Clarify terminology around artifact attestation generation

We currently document "artifact attestation" as a feature, but this does not align with industry-standard terminology for what constitutes an "attestation".

We should clarify that what we are producing today is simply "build provenance metadata". It is not signed and thus should not be referred to as an "attestation".

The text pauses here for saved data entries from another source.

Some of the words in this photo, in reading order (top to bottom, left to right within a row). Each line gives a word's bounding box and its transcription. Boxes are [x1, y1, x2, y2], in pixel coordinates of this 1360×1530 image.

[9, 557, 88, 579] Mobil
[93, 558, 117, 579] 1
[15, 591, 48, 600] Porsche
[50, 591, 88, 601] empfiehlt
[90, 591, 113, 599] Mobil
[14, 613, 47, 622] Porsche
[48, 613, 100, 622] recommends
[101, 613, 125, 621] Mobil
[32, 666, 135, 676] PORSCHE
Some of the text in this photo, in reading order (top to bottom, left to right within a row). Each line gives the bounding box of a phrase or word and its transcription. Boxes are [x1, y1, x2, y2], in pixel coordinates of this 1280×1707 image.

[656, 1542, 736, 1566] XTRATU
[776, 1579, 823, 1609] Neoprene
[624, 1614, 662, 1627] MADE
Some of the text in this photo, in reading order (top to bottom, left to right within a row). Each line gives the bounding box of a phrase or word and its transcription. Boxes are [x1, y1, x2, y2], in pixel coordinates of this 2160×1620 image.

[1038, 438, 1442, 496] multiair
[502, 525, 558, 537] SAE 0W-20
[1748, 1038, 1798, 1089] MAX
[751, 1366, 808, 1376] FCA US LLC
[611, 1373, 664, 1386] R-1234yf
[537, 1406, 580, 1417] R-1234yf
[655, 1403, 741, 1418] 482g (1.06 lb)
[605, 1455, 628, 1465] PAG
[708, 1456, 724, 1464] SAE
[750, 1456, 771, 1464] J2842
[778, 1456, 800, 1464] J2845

See diagram and description of an attestation's constituent components (copied below): https://slsa.dev/attestation-model#model-and-terminology

Components:

  • Artifact: Immutable blob of data described by an attestation, usually identified by cryptographic content hash. Examples: file content, git commit, container digest. MAY also include a mutable locator, such as a package name or URI.
  • Attestation: Authenticated, machine-readable metadata about one or more software artifacts. An attestation MUST contain at least:
    • Envelope: Authenticates the message. At a minimum, it MUST contain:
      • Message: Content (statement) of the attestation. The message type SHOULD be authenticated and unambiguous to avoid confusion attacks.
      • Signature: Denotes the attester who created the attestation.
    • Statement: Binds the attestation to a particular set of artifacts. This is a separate layer to allow for predicate-agnostic processing and storage/lookup. MUST contain at least:
      • Subject: Identifies which artifacts the predicate applies to.
      • Predicate: Metadata about the subject. The predicate type SHOULD be explicit to avoid misinterpretation.
    • Predicate: Arbitrary metadata in a predicate-specific schema. MAY contain:
      • Link: (repeated) Reference to a related artifact, such as build dependency. Effectively forms a [hypergraph] where the nodes are artifacts and the hyperedges are attestations. It is helpful for the link to be standardized to allow predicate-agnostic graph processing.
  • Bundle: A collection of Attestations, which are usually but not necessarily related.
  • Storage/Lookup: Convention for where attesters place attestations and how verifiers find attestations for a given artifact.